UVA 11192 Fast Matrix Operations

UVA_11192

    如果是在一维的序列上进行这些操作的话，那么线段树就可以了。不过现在题目将这些操作拓展到了二维，回想线段树的本质是二分线段，那么对于一个二维的矩阵，拓展一下就应当是四分矩阵了。

#include<stdio.h>
#include<string.h>
#include<algorithm>
#define MAXD 1000010
#define INF 0x3f3f3f3f
int N, M, P, node;
struct SegTree
{
    int x1, y1, x2, y2, sum, min, max, add, to, son[4], area;    
    void pushdown(); void update();
    void init()
    {
        sum = add = to = 0;
        son[0] = son[1] = son[2] = son[3] = 0;
        min = INF, max = -INF;
    }
}st[4 * MAXD];
inline void To(int cur, int v)
{
    if(cur)
    {
        st[cur].to = v, st[cur].add = 0;
        st[cur].min = st[cur].max = v, st[cur].sum = v * st[cur].area;
    }
}
inline void Add(int cur, int v)
{
    if(cur)
    {
        st[cur].add += v;
        st[cur].min += v, st[cur].max += v, st[cur].sum += v * st[cur].area;    
    }    
}
inline void SegTree::pushdown()
{
    if(to)
    {
        for(int i = 0; i < 4; i ++) To(son[i], to);
        to = 0;
    }
    if(add)
    {
        for(int i = 0; i < 4; i ++) Add(son[i], add);
        add = 0;    
    }
}
inline void SegTree::update()
{
    min = INF, max = -INF, sum = 0;
    for(int i = 0; i < 4; i ++)
    {
        sum += st[son[i]].sum;
        min = std::min(min, st[son[i]].min);
        max = std::max(max, st[son[i]].max);
    }
}
void build(int cur, int x1, int x2, int y1, int y2)
{
    int midx = x1 + x2 >> 1, midy = y1 + y2 >> 1;
    st[cur].init(), st[cur].sum = st[cur].min = st[cur].max = 0;
    st[cur].x1 = x1, st[cur].x2 = x2, st[cur].y1 = y1, st[cur].y2 = y2, st[cur].area = (x2 - x1 + 1) * (y2 - y1 + 1);
    if(x1 == x2 && y1 == y2) return ;
    st[cur].son[0] = ++ node, build(node, x1, midx, y1, midy);
    if(midx < x2)
        st[cur].son[1] = ++ node, build(node, midx + 1, x2, y1, midy);
    if(midx < x2 && midy < y2)
        st[cur].son[2] = ++ node, build(node, midx + 1, x2, midy + 1, y2);
    if(midy < y2)
        st[cur].son[3] = ++ node, build(node, x1, midx, midy + 1, y2);
    st[cur].update();
}
void init()
{
    st[0].init(), node = 1;
    build(1, 1, N, 1, M);
}
inline int inside(int k, int x1, int x2, int y1, int y2)
{
    return st[k].x1 >= x1 && st[k].x2 <= x2 && st[k].y1 >= y1 && st[k].y2 <= y2;
}
inline int inter(int k, int x1, int x2, int y1, int y2)
{
    if(st[k].x2 < x1 || st[k].x1 > x2 || st[k].y2 < y1 || st[k].y1 > y2) return 0;
    return 1;
}
void refresh(int cur, int x1, int x2, int y1, int y2, int v, int op)
{
    if(inside(cur, x1, x2, y1, y2))
    {
        if(op == 1) Add(cur, v);
        else To(cur, v);
        return ;
    }
    st[cur].pushdown();
    for(int i = 0; i < 4; i ++)    
        if(st[cur].son[i] && inter(st[cur].son[i], x1, x2, y1, y2))

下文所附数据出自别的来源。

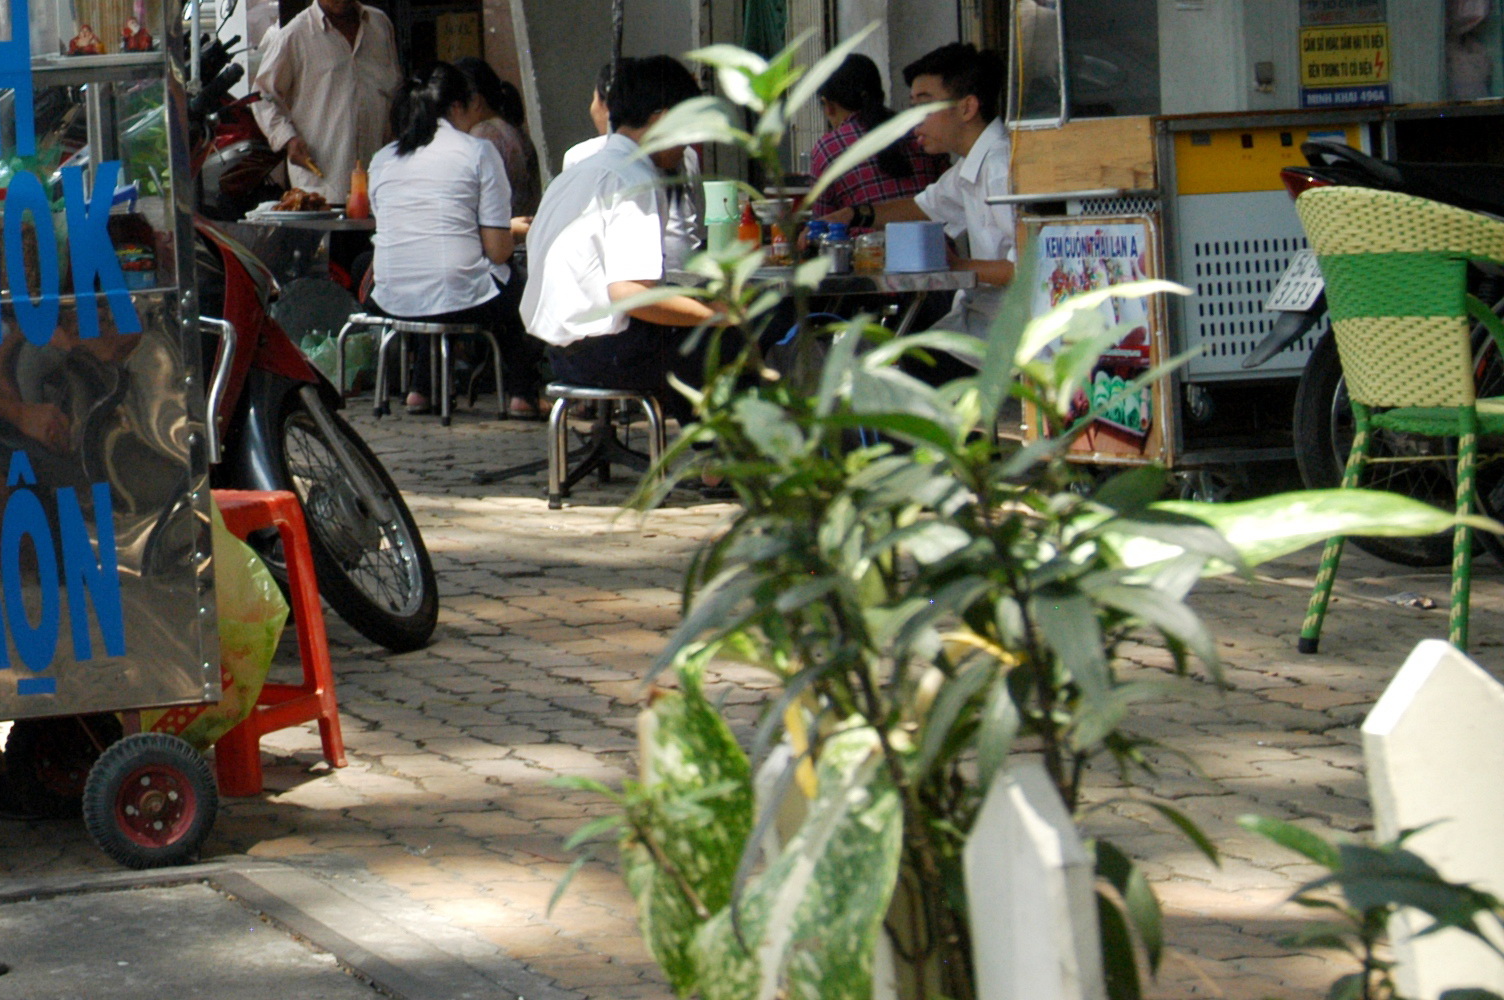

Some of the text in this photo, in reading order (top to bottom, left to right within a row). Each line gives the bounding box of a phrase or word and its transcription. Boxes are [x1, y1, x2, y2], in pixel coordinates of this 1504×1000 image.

[1306, 92, 1332, 105] MINH
[1334, 91, 1357, 103] KHAI
[1046, 236, 1062, 258] KEM
[1110, 235, 1128, 258] LAN

            refresh(st[cur].son[i], x1, x2, y1, y2, v, op);
    st[cur].update();
}
void query(int cur, int x1, int x2, int y1, int y2, int &sum, int &min, int &max)
{
    if(inside(cur, x1, x2, y1, y2))
    {
        sum += st[cur].sum, min = std::min(min, st[cur].min), max = std::max(max, st[cur].max);
        return ;
    }
    st[cur].pushdown();
    for(int i = 0; i < 4; i ++)
        if(st[cur].son[i] && inter(st[cur].son[i], x1, x2, y1, y2))

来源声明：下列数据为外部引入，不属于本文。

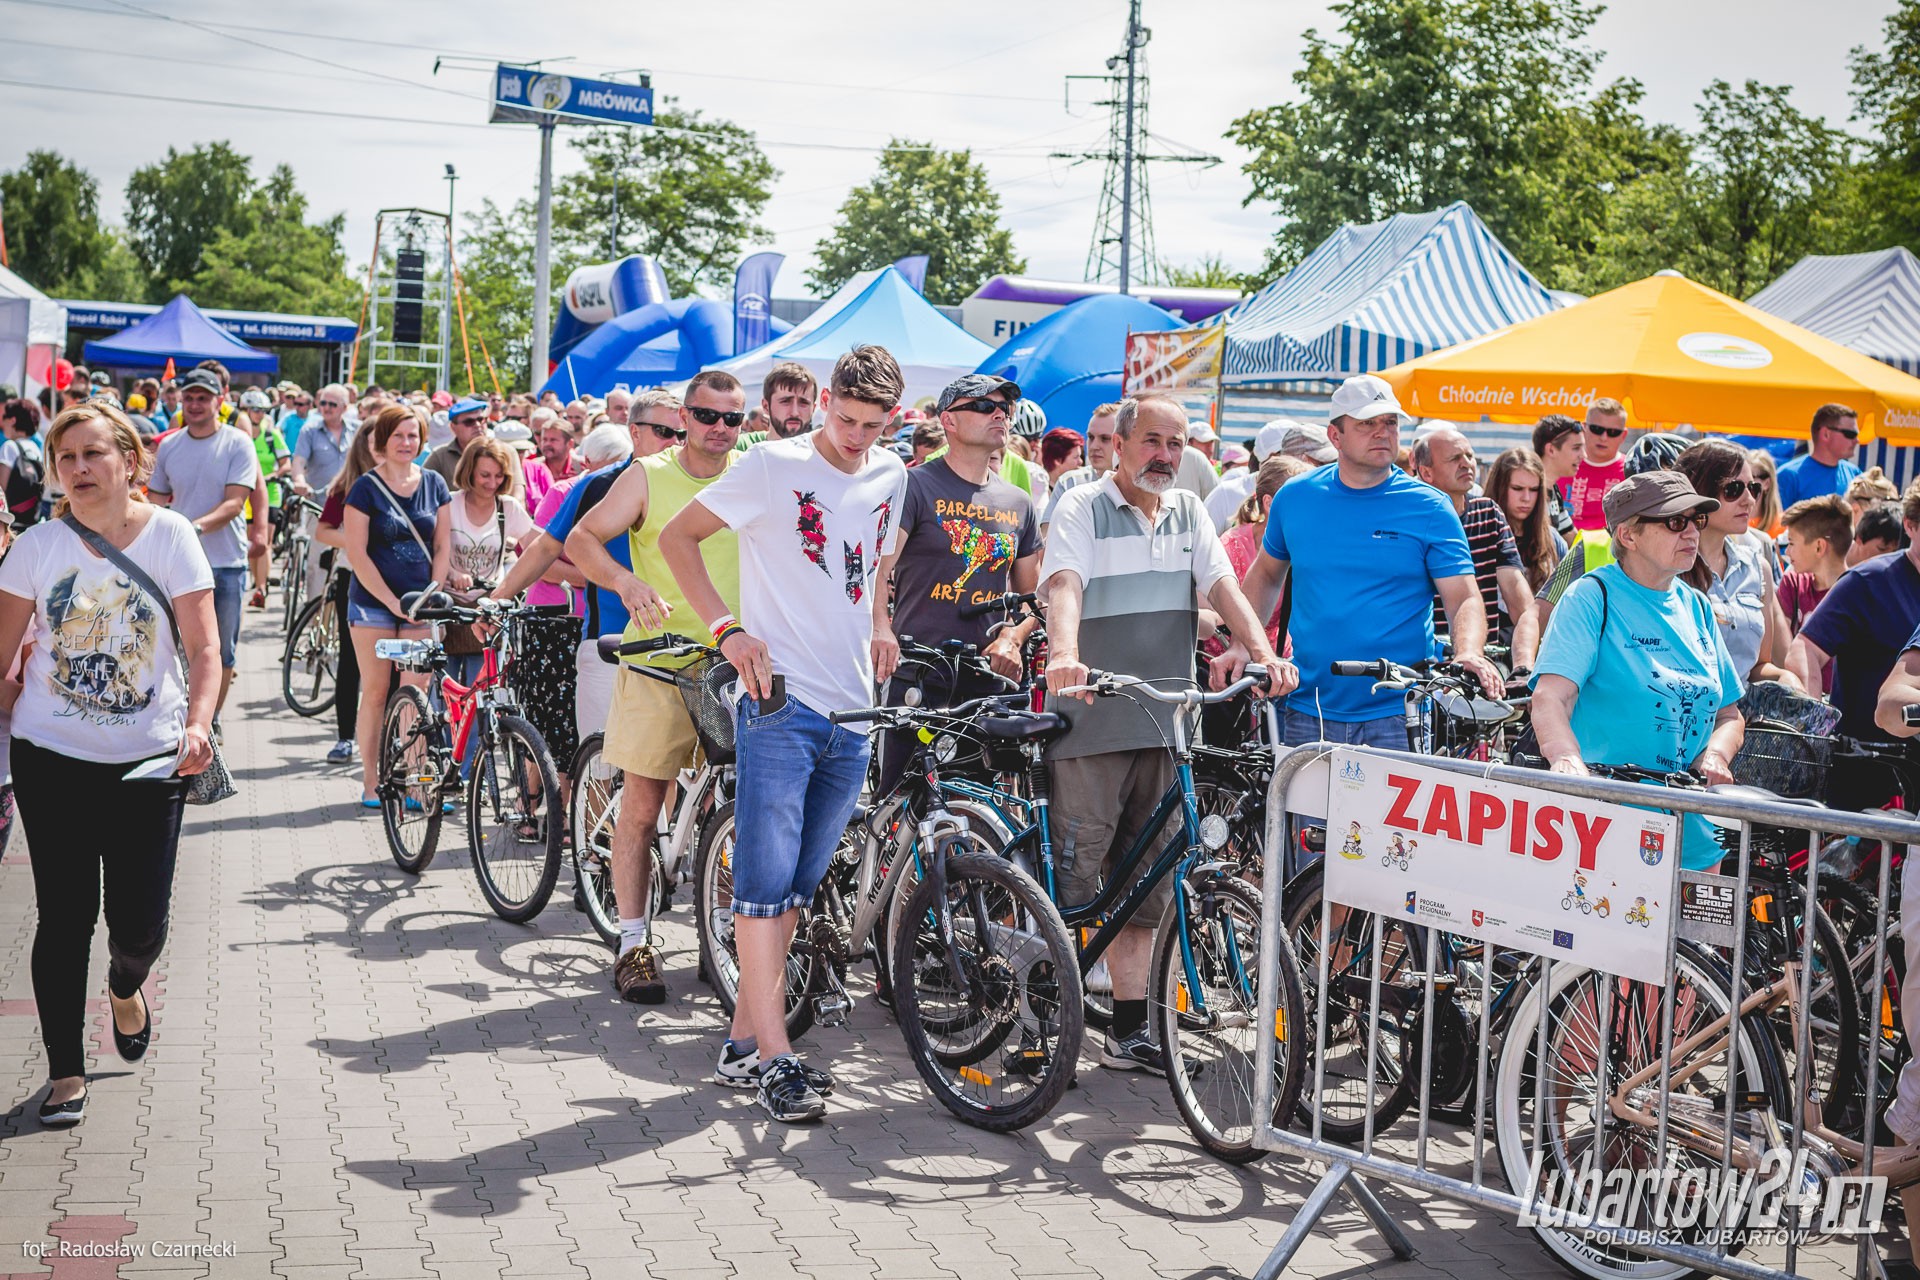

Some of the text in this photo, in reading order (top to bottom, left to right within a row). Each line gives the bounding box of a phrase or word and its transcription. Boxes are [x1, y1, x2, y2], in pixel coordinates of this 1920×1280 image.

            query(st[cur].son[i], x1, x2, y1, y2, sum, min, max);
}
void solve()
{
    int i, op, x1, y1, x2, y2, v, min, max, sum;
    for(i = 0; i < P; i ++)
    {
        scanf("%d%d%d%d%d", &op, &x1, &y1, &x2, &y2);
        if(op == 3)
        {
            min = INF, max = -INF, sum = 0;
            query(1, x1, x2, y1, y2, sum, min, max);
            printf("%d %d %d\n", sum, min, max);
        }
        else
        {
            scanf("%d", &v);
            refresh(1, x1, x2, y1, y2, v, op);    
        }
    }
}
int main()
{
    while(scanf("%d%d%d", &N, &M, &P) == 3)
    {
        init();
        solve();    
    }    
    return 0;    
}